How empty my life was! For the happiness I craved I would have exchanged twenty crowns.
But one cannot mourn for ever. I must meet my Council. The country was unstable. The burnings were deplored in several quarters. I was blamed for them. Families all over the country were cursing my name.
I wanted to talk to someone. I wanted to explain how distressed I was. My task had been to bring England back to Rome, and that I had done, but there were sullen looks everywhere. There were murmurings against me.
Only those close to me, the people who really knew me, gave me their love—and mingled with it, I think, their pity.
I told myself that I hated Philip.
NEWS CAME FROM ITALY. Edward Courtenay had died.
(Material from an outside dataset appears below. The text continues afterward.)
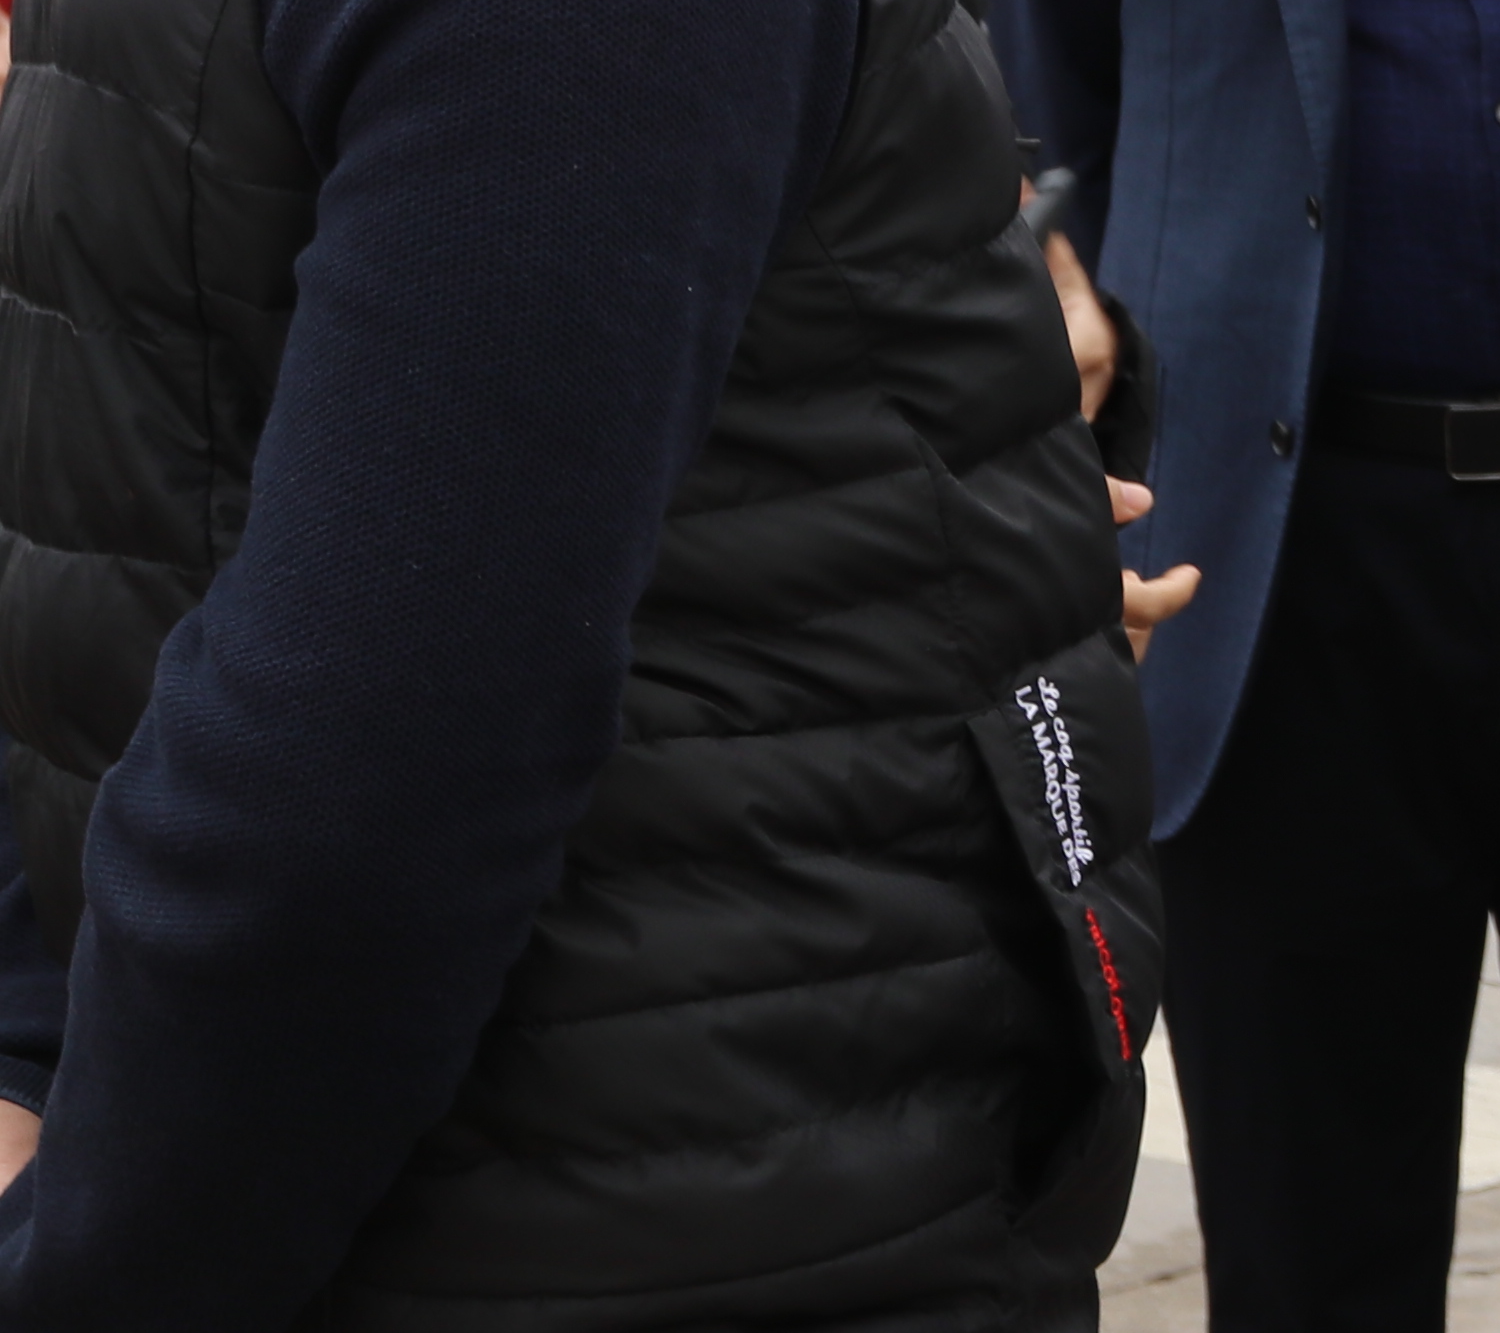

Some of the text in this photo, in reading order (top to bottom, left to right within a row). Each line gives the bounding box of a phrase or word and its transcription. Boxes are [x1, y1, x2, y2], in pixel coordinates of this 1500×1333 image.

[1015, 685, 1039, 721] LA
[1032, 720, 1069, 836] MARQUE
[1038, 676, 1094, 866] Le coq sportif
I was deeply moved. He was so young. So handsome he had been. I could have been in love with him. Then Philip had come, a King, a ruler, a strong man. Poor Courtenay! What chance had he had then? I thought of all those years when the Tower had been his home; it was commendable that he had educated himself, but there was more needed than education. To have married him would have been an even greater disaster than my marriage with Philip.
Would he have loved me any more? Not he. I was too old. Love had passed me by until I was too old to understand and enjoy it. I had nothing to offer but a crown. A low-class baker's daughter was more attractive than I … if my crown were taken away.